→ RECORDS TO PROCESS:
┌──

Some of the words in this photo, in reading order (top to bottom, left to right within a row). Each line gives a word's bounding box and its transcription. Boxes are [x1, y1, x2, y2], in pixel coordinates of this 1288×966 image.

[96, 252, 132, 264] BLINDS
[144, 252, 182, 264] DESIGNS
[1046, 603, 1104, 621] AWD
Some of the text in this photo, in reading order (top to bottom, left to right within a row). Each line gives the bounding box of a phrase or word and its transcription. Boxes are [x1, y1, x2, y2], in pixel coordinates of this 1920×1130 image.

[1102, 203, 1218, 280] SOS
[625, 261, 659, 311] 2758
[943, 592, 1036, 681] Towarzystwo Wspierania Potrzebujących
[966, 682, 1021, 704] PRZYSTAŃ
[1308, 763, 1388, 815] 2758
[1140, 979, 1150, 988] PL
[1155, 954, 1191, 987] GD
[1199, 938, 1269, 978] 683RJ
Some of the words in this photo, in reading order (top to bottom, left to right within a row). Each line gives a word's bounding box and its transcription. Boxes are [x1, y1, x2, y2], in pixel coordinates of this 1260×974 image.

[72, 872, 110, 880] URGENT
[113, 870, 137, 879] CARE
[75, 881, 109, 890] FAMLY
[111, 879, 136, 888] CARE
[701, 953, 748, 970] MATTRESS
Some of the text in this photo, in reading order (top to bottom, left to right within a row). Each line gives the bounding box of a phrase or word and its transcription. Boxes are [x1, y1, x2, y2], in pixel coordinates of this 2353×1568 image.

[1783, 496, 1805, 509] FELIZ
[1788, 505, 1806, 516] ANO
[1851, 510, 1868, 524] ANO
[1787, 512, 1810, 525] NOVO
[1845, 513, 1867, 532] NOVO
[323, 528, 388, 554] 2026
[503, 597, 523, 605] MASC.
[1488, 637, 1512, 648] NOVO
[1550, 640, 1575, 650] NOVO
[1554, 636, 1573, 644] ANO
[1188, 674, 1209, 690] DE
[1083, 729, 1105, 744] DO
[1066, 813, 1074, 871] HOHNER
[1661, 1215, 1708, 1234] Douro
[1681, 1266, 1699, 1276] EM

└──

→ TASK BRIEF: Every line of the material must be returned exactly as it appears.

→ OUTPUT:
Some of the words in this photo, in reading order (top to bottom, left to right within a row). Each line gives a word's bounding box and its transcription. Boxes are [x1, y1, x2, y2], in pixel coordinates of this 1288×966 image.

[96, 252, 132, 264] BLINDS
[144, 252, 182, 264] DESIGNS
[1046, 603, 1104, 621] AWD
Some of the text in this photo, in reading order (top to bottom, left to right within a row). Each line gives the bounding box of a phrase or word and its transcription. Boxes are [x1, y1, x2, y2], in pixel coordinates of this 1920×1130 image.

[1102, 203, 1218, 280] SOS
[625, 261, 659, 311] 2758
[943, 592, 1036, 681] Towarzystwo Wspierania Potrzebujących
[966, 682, 1021, 704] PRZYSTAŃ
[1308, 763, 1388, 815] 2758
[1140, 979, 1150, 988] PL
[1155, 954, 1191, 987] GD
[1199, 938, 1269, 978] 683RJ
Some of the words in this photo, in reading order (top to bottom, left to right within a row). Each line gives a word's bounding box and its transcription. Boxes are [x1, y1, x2, y2], in pixel coordinates of this 1260×974 image.

[72, 872, 110, 880] URGENT
[113, 870, 137, 879] CARE
[75, 881, 109, 890] FAMLY
[111, 879, 136, 888] CARE
[701, 953, 748, 970] MATTRESS
Some of the text in this photo, in reading order (top to bottom, left to right within a row). Each line gives the bounding box of a phrase or word and its transcription. Boxes are [x1, y1, x2, y2], in pixel coordinates of this 2353×1568 image.

[1783, 496, 1805, 509] FELIZ
[1788, 505, 1806, 516] ANO
[1851, 510, 1868, 524] ANO
[1787, 512, 1810, 525] NOVO
[1845, 513, 1867, 532] NOVO
[323, 528, 388, 554] 2026
[503, 597, 523, 605] MASC.
[1488, 637, 1512, 648] NOVO
[1550, 640, 1575, 650] NOVO
[1554, 636, 1573, 644] ANO
[1188, 674, 1209, 690] DE
[1083, 729, 1105, 744] DO
[1066, 813, 1074, 871] HOHNER
[1661, 1215, 1708, 1234] Douro
[1681, 1266, 1699, 1276] EM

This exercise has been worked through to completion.